Records shown below:
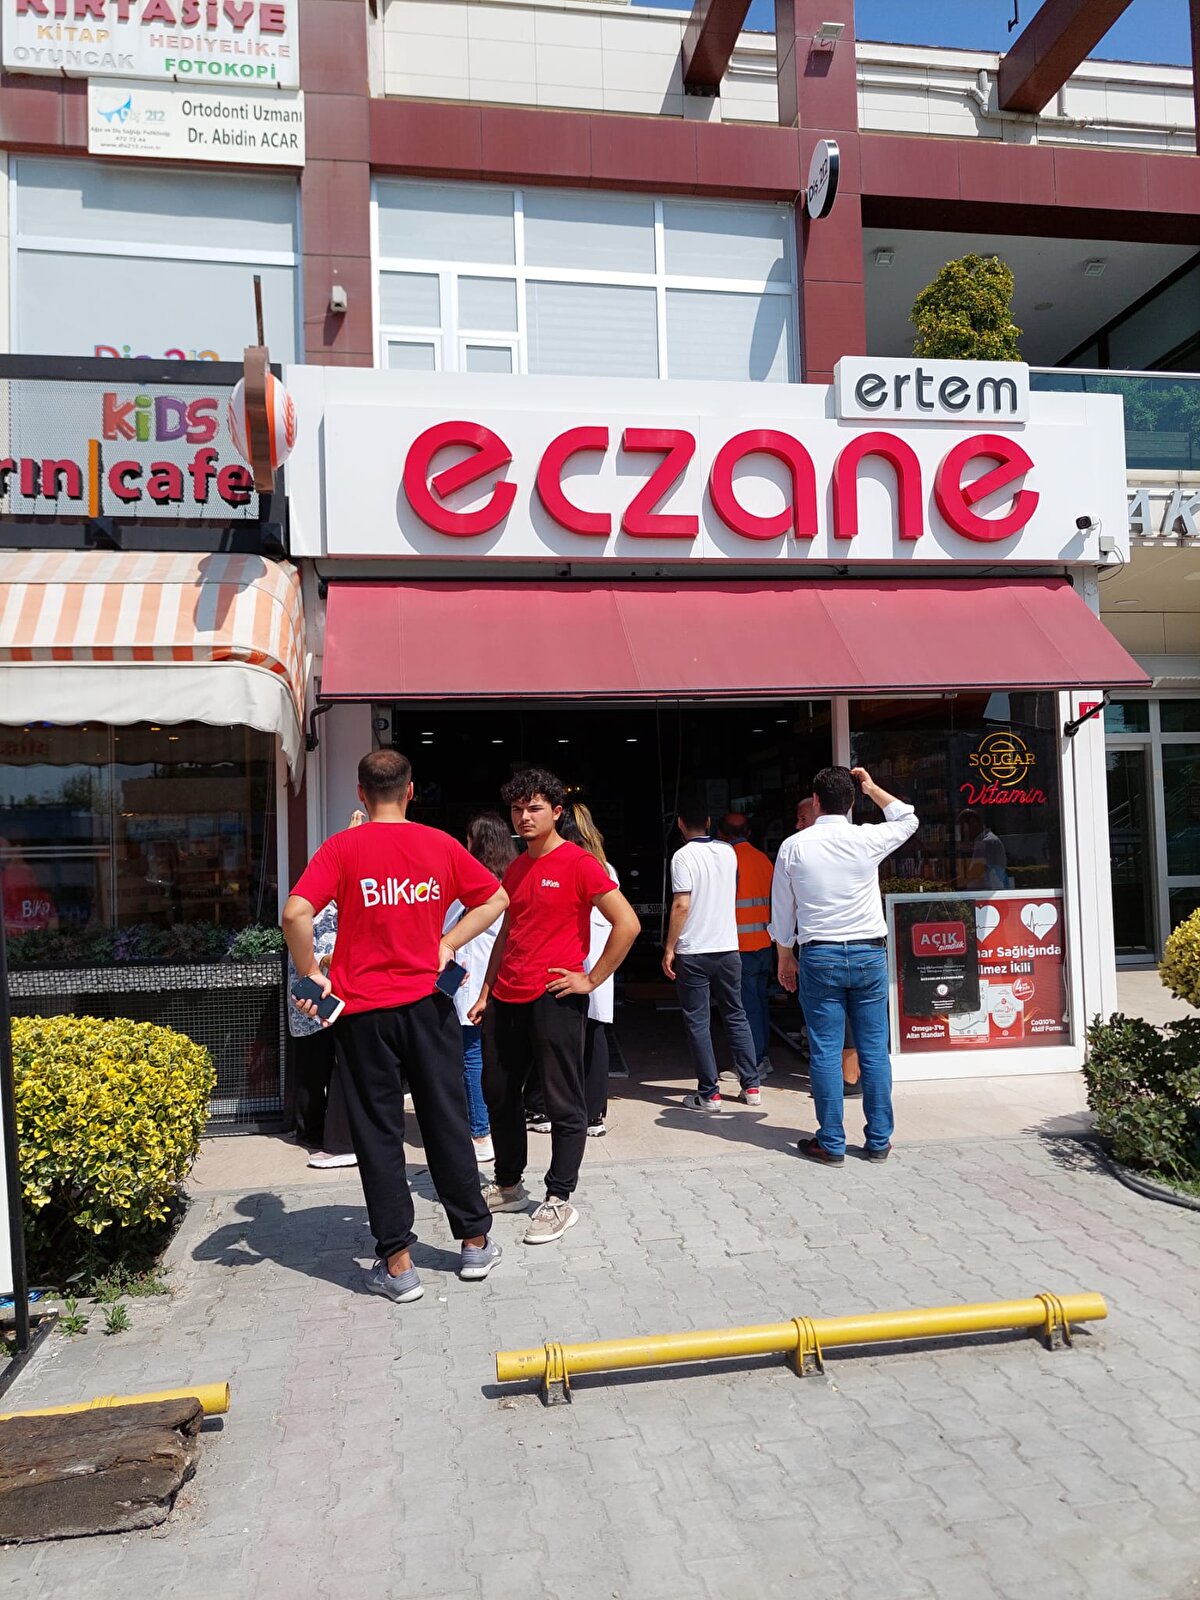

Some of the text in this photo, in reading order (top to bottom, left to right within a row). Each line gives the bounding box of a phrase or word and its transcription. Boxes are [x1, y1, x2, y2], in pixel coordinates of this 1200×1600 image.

[37, 23, 110, 43] KİTAP
[13, 46, 135, 69] OYUNCAK
[165, 58, 276, 79] FOTOKOPİ
[182, 100, 302, 123] Ortodonti Uzmanı
[188, 127, 298, 149] Dr. Abidin ACAR
[855, 367, 1018, 411] ertem
[108, 447, 254, 506] cafe
[403, 420, 1040, 543] eczane
[968, 753, 1036, 767] SOLGAR
[960, 780, 1047, 805] Vitamin
[360, 876, 440, 907] BilKid's
[920, 932, 958, 947] AÇIK
[997, 944, 1062, 958] Sağlığında
[1010, 961, 1031, 973] İkili
End of Records shown.
• Required action
Without including any picture, retype the entries exactly.

• Result
Some of the text in this photo, in reading order (top to bottom, left to right within a row). Each line gives the bounding box of a phrase or word and its transcription. Boxes are [x1, y1, x2, y2], in pixel coordinates of this 1200×1600 image.

[37, 23, 110, 43] KİTAP
[13, 46, 135, 69] OYUNCAK
[165, 58, 276, 79] FOTOKOPİ
[182, 100, 302, 123] Ortodonti Uzmanı
[188, 127, 298, 149] Dr. Abidin ACAR
[855, 367, 1018, 411] ertem
[108, 447, 254, 506] cafe
[403, 420, 1040, 543] eczane
[968, 753, 1036, 767] SOLGAR
[960, 780, 1047, 805] Vitamin
[360, 876, 440, 907] BilKid's
[920, 932, 958, 947] AÇIK
[997, 944, 1062, 958] Sağlığında
[1010, 961, 1031, 973] İkili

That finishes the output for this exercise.